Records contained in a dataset

____

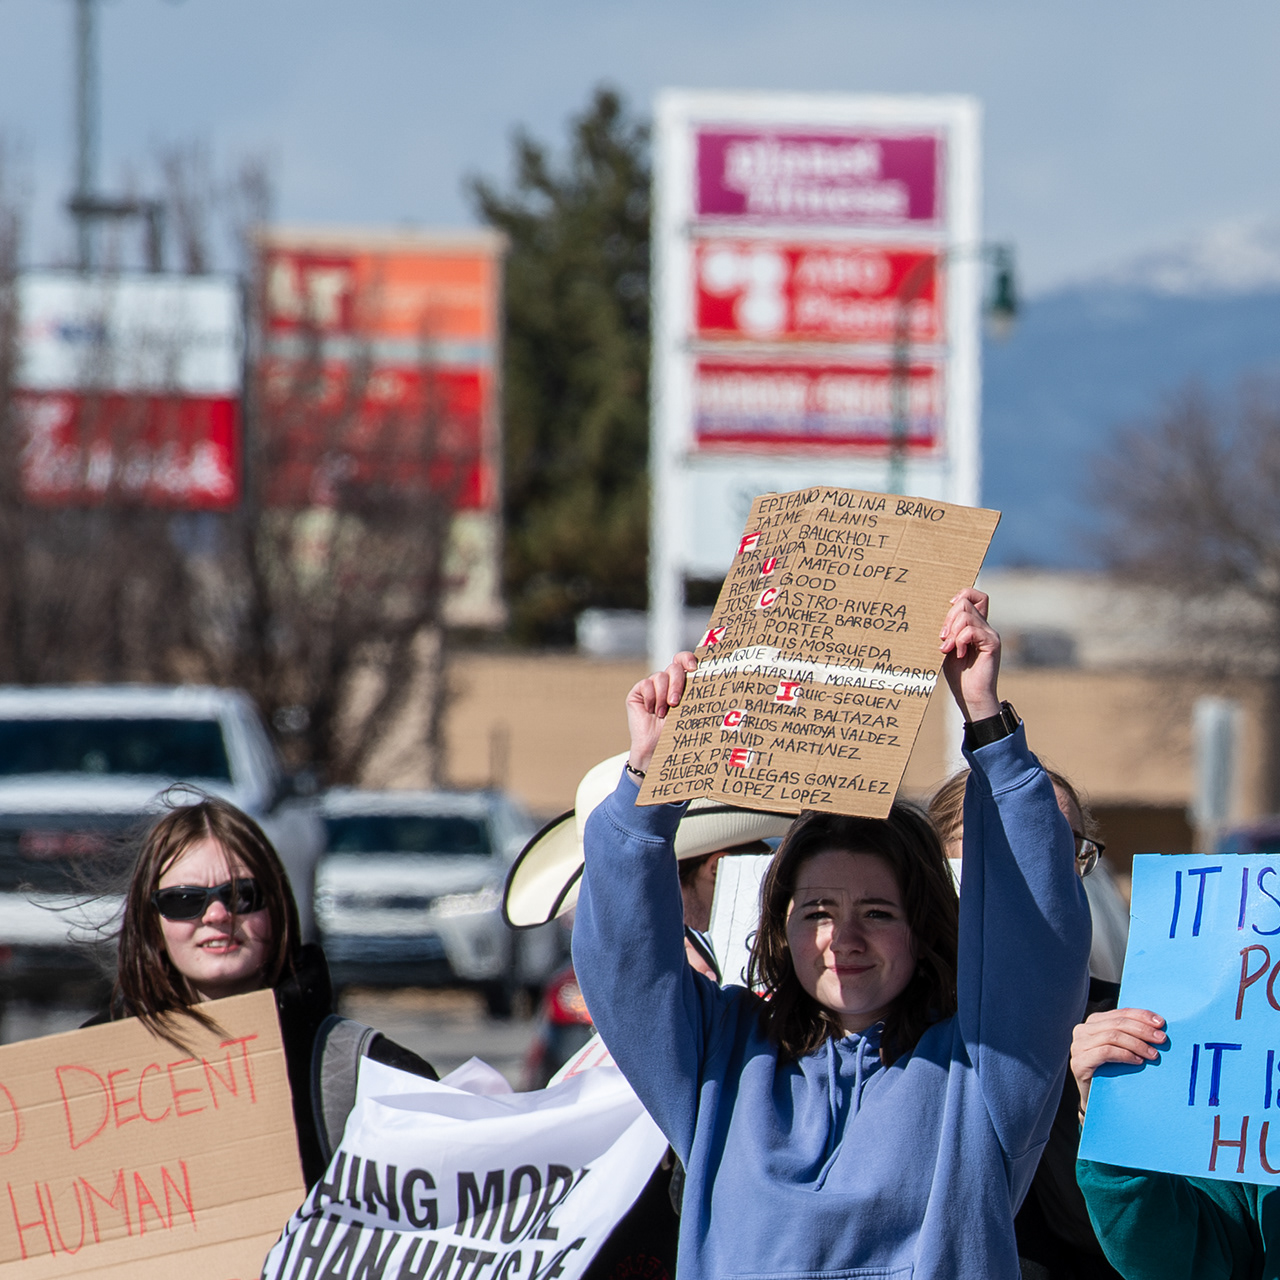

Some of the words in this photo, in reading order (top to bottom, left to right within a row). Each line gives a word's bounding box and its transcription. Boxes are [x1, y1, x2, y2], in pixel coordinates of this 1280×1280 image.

[754, 508, 805, 531] JAIME
[816, 508, 878, 528] ALANIS
[759, 489, 819, 513] EPIFANO
[821, 490, 886, 511] MOLINA
[895, 500, 945, 521] BRAVO
[738, 526, 793, 555] FELIX
[798, 524, 889, 548] BAUCKHOLT
[740, 549, 761, 564] DR
[763, 540, 806, 559] LINDA
[815, 542, 865, 561] DAVIS
[733, 556, 790, 579] MANUEL
[798, 556, 850, 577] MATEO
[852, 564, 909, 583] LOPEZ
[728, 576, 772, 598] RENEE
[779, 572, 836, 592] GOOD
[720, 594, 758, 615] JOSE
[760, 587, 907, 620] CASTRO-RIVERA
[703, 621, 758, 647] KEITH
[763, 618, 834, 640] PORTER
[717, 609, 757, 629] ISAIS
[762, 606, 829, 624] SANCHEZ
[835, 614, 909, 633] BARBOZA
[706, 638, 744, 656] RYAN
[747, 633, 797, 650] LOUIS
[800, 638, 891, 662] MOSQUEDA
[697, 647, 768, 670] ENRIQUE
[771, 650, 818, 665] JUAN
[825, 654, 866, 673] TIZOL
[871, 661, 936, 681] MACARIO
[692, 666, 738, 684] ELENA
[742, 664, 814, 683] CATARINA
[825, 673, 932, 698] MORALES-CHAN
[675, 714, 723, 731] ROBERTO
[723, 710, 778, 732] CARLOS
[781, 721, 836, 739] MONTOYA
[840, 726, 901, 747] VALDEZ
[680, 699, 738, 718] BARTOLO
[745, 699, 807, 719] BALTAZAR
[813, 708, 899, 729] BALTAZAR
[662, 750, 704, 769] ALEX
[709, 748, 773, 768] PRETTI
[672, 731, 713, 752] YAHIR
[720, 730, 764, 747] DAVID
[769, 737, 861, 760] MARTINEZ
[658, 762, 718, 782] SILVERIO
[724, 766, 800, 785] VILLEGAS
[651, 778, 715, 798] HECTOR
[722, 779, 775, 799] LOPEZ
[780, 787, 833, 804] LOPEZ
[1168, 866, 1222, 939] IT
[1187, 1041, 1243, 1108] IT
[55, 1034, 258, 1151] DECENT
[296, 1150, 438, 1230] HING
[5, 1159, 197, 1260] HUMAN
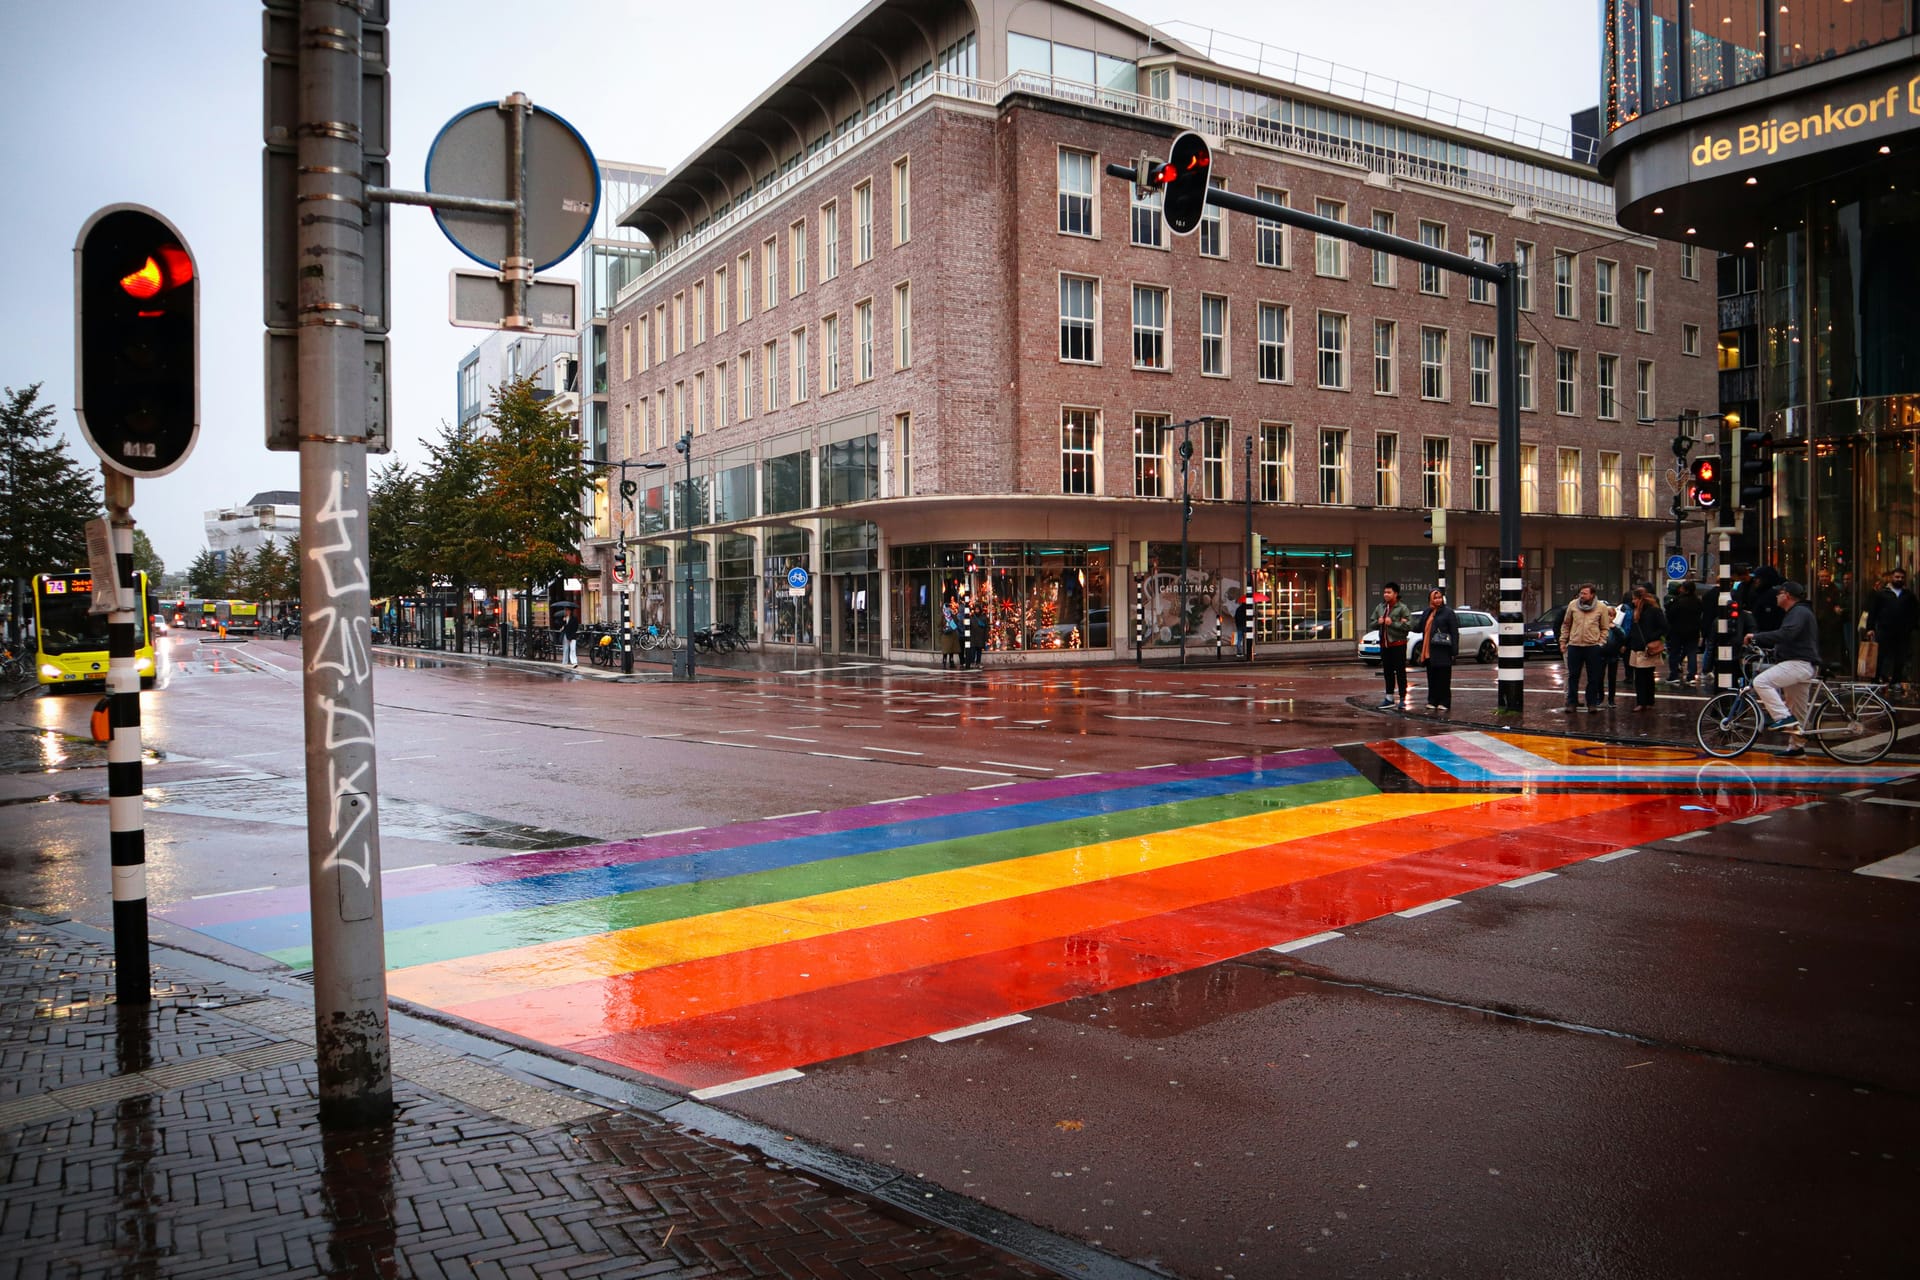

____

TASK ITEM: Could you repeat every record exactly as written, with the pictures left out?

EXERCISE RESPONSE:
Some of the words in this photo, in reading order (top to bottom, left to right within a row). Each line gives a word's bounding box and its transcription. Boxes are [x1, y1, x2, y2], in pixel coordinates of this 1280×1280 image.

[754, 508, 805, 531] JAIME
[816, 508, 878, 528] ALANIS
[759, 489, 819, 513] EPIFANO
[821, 490, 886, 511] MOLINA
[895, 500, 945, 521] BRAVO
[738, 526, 793, 555] FELIX
[798, 524, 889, 548] BAUCKHOLT
[740, 549, 761, 564] DR
[763, 540, 806, 559] LINDA
[815, 542, 865, 561] DAVIS
[733, 556, 790, 579] MANUEL
[798, 556, 850, 577] MATEO
[852, 564, 909, 583] LOPEZ
[728, 576, 772, 598] RENEE
[779, 572, 836, 592] GOOD
[720, 594, 758, 615] JOSE
[760, 587, 907, 620] CASTRO-RIVERA
[703, 621, 758, 647] KEITH
[763, 618, 834, 640] PORTER
[717, 609, 757, 629] ISAIS
[762, 606, 829, 624] SANCHEZ
[835, 614, 909, 633] BARBOZA
[706, 638, 744, 656] RYAN
[747, 633, 797, 650] LOUIS
[800, 638, 891, 662] MOSQUEDA
[697, 647, 768, 670] ENRIQUE
[771, 650, 818, 665] JUAN
[825, 654, 866, 673] TIZOL
[871, 661, 936, 681] MACARIO
[692, 666, 738, 684] ELENA
[742, 664, 814, 683] CATARINA
[825, 673, 932, 698] MORALES-CHAN
[675, 714, 723, 731] ROBERTO
[723, 710, 778, 732] CARLOS
[781, 721, 836, 739] MONTOYA
[840, 726, 901, 747] VALDEZ
[680, 699, 738, 718] BARTOLO
[745, 699, 807, 719] BALTAZAR
[813, 708, 899, 729] BALTAZAR
[662, 750, 704, 769] ALEX
[709, 748, 773, 768] PRETTI
[672, 731, 713, 752] YAHIR
[720, 730, 764, 747] DAVID
[769, 737, 861, 760] MARTINEZ
[658, 762, 718, 782] SILVERIO
[724, 766, 800, 785] VILLEGAS
[651, 778, 715, 798] HECTOR
[722, 779, 775, 799] LOPEZ
[780, 787, 833, 804] LOPEZ
[1168, 866, 1222, 939] IT
[1187, 1041, 1243, 1108] IT
[55, 1034, 258, 1151] DECENT
[296, 1150, 438, 1230] HING
[5, 1159, 197, 1260] HUMAN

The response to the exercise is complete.